La agenda en materia del derecho a la no discriminación para los próximos años es amplia, exigente e indispensable. Requiere ubicar, desde la ley y las políticas públicas, que la vulnerabilidad no radica en las condiciones o características de identidad de las personas, sino en las condiciones sociales, económicas, políticas y culturales que las vulneran. Hacer de la escuela pública un espacio de inclusión y de socialización y no de estratificación. Reconocer que la situación de las mujeres es de desventaja sistemática en todos los aspectos de la vida pública y privada, pese a los cambios legales e institucionales, e implementar acciones afirmativas. Asumir en los planes de desarrollo social y económico, que la desigualdad de trato es sustento de la económica y que se deben de combatir articuladamente.

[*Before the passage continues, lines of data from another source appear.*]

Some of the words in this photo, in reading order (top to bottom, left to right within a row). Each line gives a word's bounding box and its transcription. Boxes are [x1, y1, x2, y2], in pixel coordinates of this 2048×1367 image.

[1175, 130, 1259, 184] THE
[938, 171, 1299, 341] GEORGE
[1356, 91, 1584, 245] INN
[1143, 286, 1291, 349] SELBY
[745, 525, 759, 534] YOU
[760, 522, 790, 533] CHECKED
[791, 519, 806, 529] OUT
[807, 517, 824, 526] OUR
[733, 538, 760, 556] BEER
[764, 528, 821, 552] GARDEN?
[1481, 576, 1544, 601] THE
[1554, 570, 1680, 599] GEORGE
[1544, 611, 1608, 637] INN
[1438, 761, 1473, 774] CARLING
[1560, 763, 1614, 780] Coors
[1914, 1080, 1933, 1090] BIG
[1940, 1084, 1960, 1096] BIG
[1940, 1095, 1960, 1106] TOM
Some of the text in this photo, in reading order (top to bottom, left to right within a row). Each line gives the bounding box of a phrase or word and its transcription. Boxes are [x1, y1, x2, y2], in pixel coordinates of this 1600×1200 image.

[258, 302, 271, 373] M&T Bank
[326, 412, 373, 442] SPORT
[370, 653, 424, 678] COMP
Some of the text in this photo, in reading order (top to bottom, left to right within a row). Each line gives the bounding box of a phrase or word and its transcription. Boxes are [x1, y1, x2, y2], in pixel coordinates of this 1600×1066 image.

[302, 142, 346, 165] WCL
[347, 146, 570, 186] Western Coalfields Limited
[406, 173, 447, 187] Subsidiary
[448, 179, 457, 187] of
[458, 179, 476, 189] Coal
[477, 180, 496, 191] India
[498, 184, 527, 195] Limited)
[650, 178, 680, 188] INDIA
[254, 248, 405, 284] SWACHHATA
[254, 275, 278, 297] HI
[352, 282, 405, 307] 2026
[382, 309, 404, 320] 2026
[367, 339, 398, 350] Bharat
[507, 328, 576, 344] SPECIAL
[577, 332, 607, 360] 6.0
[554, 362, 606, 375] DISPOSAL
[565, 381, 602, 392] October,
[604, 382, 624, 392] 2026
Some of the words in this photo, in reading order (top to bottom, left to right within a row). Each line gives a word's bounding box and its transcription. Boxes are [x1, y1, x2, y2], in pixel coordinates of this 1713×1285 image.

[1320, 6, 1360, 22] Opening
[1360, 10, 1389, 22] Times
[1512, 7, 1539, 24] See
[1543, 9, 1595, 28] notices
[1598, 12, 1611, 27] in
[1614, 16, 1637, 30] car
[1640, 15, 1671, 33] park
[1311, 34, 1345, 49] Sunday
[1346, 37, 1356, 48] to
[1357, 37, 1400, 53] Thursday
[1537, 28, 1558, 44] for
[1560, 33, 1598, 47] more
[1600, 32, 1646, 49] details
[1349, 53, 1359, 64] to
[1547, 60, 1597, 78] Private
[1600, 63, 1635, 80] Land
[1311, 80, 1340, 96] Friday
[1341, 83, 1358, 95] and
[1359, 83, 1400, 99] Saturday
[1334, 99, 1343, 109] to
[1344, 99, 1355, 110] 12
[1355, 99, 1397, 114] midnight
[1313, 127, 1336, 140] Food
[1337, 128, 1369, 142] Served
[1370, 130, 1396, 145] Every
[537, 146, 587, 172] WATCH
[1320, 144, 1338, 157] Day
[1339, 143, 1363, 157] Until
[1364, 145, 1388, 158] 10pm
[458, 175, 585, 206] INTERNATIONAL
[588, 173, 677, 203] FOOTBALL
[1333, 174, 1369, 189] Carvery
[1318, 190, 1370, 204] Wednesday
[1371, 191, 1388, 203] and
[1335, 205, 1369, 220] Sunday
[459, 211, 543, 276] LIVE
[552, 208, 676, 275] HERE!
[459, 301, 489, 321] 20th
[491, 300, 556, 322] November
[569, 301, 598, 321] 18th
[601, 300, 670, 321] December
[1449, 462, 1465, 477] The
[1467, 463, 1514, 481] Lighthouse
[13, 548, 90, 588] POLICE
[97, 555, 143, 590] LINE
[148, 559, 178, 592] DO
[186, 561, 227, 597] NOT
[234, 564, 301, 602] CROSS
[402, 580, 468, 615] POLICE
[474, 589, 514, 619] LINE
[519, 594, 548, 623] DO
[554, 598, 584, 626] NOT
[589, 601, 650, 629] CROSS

Obligar la accesibilidad física, de información, de comunicación en todos los espacios públicos. Garantizar el Estado laico para fortalecer el régimen de libertades. Lograr que la seguridad social no haga distinciones irrazonables, injustas o desventajosas en razón de la preferencia sexual, el sexo, la discapacidad o el tipo de trabajo que desempeña.

Ratificar el Convenio 189 de la OIT sobre trabajadoras y trabajadores domésticos, y hacer los cambios que corresponden. Impulsar una revolución legislativa revisando los contenidos de leyes, códigos y reglamentos que fueron hechos sin perspectiva de derechos humanos y de no discriminación. Debatir públicamente sobre el interés público de los medios de comunicación y la utilidad pública que deben tener.

Establecer mecanismos para coordinar la implementación de los tratados internacionales ratificados por México, entre muchas otras tareas.

Es compleja la consolidación de la democracia cuando ésta requiere mirada de iguales, de reconocimiento, de respeto, de dignidad. Es complejo cuando nuestra historia nacional parece convencernos de que es más benéfico mirar con el ojo autoritario de quien todo quiere decidir y no perder privilegios, mirada introyectada por la desigualdad que sostiene el clasismo, el racismo, de la misoginia, la homofobia, el estigma contra quien vive con VIH o sida, o la descalificación del contrario por principio. Garantizar el derecho a la no discriminación es obligación de toda institución pública. Reaprender la percepción de la diversidad y construir la igualdad de trato debe ser lo que a cada persona, colectivo y grupo social corresponde.

Pongamos cada quien lo que nos toca para hacer realidad la igualdad que está establecida legalmente. México no se merece nada menos que eso.

* El autor es experto en derecho a la igualdad y a la no discriminación.